It’s never been said better than in the Gnostic Gospel of Thomas: “If you bring forth what is within you, what you bring forth will save you. If you do not bring forth what is within you, what you do not bring forth will destroy you.”
In the sacred psychology of the Malay bomoh (shamanic healer), the natural path of our energies is determined by “inner winds” (angin). We are born with these. They are part of our basic character and identity. They also connect us to larger forces, to the world of living myths and to what we may call (since Jung) the archetypes. Our power to create or destroy is conditioned by these inner winds. When they are blocked, we are in trouble.

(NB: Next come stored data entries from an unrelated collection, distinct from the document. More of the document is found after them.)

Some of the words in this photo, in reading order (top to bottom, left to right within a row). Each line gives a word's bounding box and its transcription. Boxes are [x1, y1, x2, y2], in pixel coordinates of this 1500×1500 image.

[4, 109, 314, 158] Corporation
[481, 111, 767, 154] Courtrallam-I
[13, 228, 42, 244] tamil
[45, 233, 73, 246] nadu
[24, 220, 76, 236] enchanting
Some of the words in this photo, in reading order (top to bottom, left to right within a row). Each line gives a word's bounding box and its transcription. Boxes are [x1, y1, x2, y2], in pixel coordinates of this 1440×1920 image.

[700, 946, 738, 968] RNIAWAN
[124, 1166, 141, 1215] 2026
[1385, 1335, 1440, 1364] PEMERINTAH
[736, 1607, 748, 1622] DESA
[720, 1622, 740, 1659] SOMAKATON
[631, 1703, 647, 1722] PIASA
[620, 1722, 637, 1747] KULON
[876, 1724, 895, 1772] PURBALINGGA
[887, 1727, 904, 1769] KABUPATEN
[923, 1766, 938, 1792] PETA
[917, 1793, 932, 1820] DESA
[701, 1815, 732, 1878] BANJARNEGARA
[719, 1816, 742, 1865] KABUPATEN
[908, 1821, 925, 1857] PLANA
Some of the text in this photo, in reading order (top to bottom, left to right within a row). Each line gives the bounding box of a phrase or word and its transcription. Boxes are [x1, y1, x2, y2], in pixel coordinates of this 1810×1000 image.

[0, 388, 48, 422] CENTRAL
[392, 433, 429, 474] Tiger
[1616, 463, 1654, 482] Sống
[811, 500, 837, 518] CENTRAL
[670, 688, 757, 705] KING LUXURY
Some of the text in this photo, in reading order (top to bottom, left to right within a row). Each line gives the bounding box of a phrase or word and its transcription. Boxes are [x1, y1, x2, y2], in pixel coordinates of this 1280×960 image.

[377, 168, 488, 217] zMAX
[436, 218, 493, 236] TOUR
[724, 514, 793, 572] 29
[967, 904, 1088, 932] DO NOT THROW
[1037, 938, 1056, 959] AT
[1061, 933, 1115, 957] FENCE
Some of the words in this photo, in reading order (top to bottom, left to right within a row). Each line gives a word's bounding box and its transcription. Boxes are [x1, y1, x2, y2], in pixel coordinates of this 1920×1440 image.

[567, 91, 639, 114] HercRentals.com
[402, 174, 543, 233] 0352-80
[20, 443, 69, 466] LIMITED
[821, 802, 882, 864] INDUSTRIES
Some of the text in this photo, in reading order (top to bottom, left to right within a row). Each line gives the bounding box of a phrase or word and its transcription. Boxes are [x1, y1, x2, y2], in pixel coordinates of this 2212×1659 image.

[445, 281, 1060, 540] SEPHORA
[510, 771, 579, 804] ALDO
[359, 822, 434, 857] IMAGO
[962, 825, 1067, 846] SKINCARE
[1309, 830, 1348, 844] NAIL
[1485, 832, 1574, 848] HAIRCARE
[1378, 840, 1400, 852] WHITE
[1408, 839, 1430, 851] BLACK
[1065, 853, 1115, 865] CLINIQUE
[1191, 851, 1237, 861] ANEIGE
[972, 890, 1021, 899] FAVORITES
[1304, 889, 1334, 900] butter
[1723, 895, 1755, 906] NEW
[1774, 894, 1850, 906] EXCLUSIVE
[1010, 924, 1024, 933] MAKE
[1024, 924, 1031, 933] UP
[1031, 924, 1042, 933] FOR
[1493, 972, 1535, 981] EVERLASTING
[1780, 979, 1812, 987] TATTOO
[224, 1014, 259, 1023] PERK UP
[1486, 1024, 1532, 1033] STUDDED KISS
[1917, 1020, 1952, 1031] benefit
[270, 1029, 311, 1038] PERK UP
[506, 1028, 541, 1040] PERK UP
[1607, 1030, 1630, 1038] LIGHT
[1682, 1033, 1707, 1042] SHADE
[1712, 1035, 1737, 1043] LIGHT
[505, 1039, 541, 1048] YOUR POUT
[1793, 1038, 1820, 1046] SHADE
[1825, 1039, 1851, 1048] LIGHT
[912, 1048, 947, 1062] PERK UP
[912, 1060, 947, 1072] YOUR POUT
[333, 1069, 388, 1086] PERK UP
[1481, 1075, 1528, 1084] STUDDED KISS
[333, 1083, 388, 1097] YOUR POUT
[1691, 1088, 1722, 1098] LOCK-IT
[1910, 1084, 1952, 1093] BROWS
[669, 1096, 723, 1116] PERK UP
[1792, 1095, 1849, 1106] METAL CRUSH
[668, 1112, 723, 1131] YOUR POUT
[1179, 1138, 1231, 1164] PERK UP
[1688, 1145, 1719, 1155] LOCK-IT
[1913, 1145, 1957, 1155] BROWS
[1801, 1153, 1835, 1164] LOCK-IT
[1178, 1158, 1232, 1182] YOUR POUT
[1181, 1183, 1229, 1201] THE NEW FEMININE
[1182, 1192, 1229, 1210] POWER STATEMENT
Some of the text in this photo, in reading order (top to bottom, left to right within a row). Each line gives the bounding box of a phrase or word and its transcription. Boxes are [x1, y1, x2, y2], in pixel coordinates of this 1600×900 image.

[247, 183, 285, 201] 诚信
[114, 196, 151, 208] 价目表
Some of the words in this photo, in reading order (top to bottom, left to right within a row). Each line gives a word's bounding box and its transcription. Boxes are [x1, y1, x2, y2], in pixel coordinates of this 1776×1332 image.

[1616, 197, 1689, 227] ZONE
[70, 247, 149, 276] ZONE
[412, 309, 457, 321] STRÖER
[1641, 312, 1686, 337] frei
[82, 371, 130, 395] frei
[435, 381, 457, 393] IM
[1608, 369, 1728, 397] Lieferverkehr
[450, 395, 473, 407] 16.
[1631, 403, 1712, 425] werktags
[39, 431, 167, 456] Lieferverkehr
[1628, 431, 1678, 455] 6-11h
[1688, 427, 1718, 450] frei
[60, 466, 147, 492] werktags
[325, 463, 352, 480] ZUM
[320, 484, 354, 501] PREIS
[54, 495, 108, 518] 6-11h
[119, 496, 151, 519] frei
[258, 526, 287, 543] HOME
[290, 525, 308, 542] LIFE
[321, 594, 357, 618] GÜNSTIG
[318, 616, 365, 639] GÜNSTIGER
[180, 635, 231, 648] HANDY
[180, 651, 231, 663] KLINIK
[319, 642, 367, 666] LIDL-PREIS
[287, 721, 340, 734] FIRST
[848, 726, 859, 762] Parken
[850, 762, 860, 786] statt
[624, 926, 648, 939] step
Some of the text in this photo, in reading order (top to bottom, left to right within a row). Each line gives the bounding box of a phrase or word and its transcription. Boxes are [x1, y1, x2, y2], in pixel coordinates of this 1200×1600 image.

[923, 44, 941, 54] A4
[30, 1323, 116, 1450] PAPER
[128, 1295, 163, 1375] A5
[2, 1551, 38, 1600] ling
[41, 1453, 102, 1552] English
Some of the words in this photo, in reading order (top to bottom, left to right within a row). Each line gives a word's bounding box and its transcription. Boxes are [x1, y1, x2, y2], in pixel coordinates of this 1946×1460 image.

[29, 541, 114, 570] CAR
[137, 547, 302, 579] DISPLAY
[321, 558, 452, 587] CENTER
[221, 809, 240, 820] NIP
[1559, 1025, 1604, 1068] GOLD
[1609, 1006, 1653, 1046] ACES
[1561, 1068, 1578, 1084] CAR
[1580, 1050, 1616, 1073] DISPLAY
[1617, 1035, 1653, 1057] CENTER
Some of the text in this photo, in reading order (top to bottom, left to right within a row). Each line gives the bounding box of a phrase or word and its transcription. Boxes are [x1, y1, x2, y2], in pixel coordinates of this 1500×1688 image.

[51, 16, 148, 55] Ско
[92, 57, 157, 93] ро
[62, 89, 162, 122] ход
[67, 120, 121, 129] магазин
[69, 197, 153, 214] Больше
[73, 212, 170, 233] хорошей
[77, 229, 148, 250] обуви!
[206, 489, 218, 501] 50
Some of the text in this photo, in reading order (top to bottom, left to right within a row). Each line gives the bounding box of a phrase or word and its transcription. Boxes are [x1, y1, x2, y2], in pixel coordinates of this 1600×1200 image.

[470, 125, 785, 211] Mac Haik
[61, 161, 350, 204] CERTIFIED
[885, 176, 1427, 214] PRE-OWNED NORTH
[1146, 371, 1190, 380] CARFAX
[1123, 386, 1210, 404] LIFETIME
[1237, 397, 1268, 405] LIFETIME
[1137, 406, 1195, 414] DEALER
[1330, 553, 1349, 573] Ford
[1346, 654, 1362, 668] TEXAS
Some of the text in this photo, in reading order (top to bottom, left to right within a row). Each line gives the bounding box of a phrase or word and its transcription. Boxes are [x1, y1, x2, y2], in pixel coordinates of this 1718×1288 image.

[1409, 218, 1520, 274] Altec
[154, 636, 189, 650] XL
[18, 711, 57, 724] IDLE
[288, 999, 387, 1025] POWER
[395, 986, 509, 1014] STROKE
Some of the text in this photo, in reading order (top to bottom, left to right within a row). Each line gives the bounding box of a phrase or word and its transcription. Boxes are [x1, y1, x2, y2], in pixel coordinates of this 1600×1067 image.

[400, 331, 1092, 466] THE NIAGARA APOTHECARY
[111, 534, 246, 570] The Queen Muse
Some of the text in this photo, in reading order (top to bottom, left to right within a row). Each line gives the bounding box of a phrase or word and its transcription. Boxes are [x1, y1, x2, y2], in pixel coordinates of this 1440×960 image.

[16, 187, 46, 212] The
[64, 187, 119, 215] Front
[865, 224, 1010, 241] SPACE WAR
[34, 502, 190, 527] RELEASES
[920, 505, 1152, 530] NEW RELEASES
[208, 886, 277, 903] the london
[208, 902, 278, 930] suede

As anthropologist Carol Laderman explains it in a remarkable book, Taming the Wind of Desire, if people cannot express their inner winds, “their angin is trapped inside them, when it accumulates and produces sakit berangin, or sickness due to blockage of the inner winds. We recognize this problem in artists and writers whose creativity is blocked, or whose art is insufficiently appreciated, and would not find it difficult to understand why Malays say that musicians, actors and puppeteers are attracted to their professions because of angin and could not succeed without it.”
Releasing and directing the inner winds into productive channels is the aim of dramatic rituals of healing. These involve drumming, fiddling, dancing, play-acting, theater with shadow puppets and calling in beneficent spirits.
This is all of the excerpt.